▶ **Brief**
Which lines of the entries below hold the word "濃厚ミルク"? Report each of them.

▶ **Records provided**
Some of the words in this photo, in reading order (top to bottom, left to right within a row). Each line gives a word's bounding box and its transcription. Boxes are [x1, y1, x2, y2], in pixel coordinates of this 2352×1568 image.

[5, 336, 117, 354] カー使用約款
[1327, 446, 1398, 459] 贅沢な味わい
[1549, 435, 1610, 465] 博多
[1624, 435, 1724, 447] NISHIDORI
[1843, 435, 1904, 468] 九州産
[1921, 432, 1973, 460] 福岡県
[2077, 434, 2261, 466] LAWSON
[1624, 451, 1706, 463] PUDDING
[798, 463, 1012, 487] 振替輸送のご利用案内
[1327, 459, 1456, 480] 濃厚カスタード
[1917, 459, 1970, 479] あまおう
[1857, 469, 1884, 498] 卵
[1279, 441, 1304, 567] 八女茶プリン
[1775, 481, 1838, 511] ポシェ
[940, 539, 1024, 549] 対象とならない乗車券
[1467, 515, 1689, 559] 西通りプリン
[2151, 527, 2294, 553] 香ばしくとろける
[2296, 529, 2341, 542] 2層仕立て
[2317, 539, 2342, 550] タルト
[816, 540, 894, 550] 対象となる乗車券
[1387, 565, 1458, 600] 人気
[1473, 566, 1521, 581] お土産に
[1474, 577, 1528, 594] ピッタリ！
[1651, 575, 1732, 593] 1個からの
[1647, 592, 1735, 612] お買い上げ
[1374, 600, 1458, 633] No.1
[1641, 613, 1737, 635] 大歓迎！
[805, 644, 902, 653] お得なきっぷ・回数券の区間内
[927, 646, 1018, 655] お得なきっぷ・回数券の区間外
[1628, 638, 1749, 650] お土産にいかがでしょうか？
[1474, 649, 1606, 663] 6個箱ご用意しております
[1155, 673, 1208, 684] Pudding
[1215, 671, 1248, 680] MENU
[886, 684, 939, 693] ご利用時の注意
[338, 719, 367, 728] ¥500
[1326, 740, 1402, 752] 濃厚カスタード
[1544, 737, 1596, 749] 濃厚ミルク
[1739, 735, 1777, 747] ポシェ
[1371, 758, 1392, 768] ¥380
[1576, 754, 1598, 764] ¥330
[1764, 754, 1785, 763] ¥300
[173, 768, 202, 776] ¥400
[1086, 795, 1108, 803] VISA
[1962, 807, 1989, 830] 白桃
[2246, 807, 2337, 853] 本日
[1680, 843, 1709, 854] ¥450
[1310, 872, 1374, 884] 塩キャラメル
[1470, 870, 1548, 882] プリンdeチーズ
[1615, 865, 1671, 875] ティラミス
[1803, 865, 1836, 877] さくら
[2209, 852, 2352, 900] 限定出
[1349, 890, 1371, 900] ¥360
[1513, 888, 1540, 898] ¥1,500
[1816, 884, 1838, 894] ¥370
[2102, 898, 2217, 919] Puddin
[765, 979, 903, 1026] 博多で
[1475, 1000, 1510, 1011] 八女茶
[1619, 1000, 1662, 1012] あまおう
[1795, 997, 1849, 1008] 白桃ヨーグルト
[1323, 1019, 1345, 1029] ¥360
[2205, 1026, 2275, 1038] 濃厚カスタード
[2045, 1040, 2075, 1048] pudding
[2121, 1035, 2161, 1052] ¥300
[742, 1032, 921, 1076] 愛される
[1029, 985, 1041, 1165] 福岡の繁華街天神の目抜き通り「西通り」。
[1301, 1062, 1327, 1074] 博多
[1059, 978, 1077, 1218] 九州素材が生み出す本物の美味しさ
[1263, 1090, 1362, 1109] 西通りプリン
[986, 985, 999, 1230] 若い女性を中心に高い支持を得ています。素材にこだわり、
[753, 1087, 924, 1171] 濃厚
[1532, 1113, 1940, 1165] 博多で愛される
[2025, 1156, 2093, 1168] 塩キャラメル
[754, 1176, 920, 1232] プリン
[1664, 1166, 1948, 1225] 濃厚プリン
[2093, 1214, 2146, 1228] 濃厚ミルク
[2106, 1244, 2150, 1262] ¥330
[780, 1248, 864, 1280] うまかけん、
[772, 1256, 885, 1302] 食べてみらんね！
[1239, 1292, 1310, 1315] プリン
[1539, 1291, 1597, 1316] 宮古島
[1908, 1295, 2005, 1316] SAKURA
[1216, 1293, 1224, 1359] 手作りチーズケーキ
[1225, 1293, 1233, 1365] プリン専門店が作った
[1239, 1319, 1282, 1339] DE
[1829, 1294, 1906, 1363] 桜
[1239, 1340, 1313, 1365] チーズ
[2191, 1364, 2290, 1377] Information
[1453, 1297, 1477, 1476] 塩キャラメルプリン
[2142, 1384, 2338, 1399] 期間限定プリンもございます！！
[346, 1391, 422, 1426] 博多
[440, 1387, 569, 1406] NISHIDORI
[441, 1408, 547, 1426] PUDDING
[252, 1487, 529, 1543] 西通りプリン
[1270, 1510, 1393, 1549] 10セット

▶ **Exercise output**
[1544, 737, 1596, 749] 濃厚ミルク
[2093, 1214, 2146, 1228] 濃厚ミルク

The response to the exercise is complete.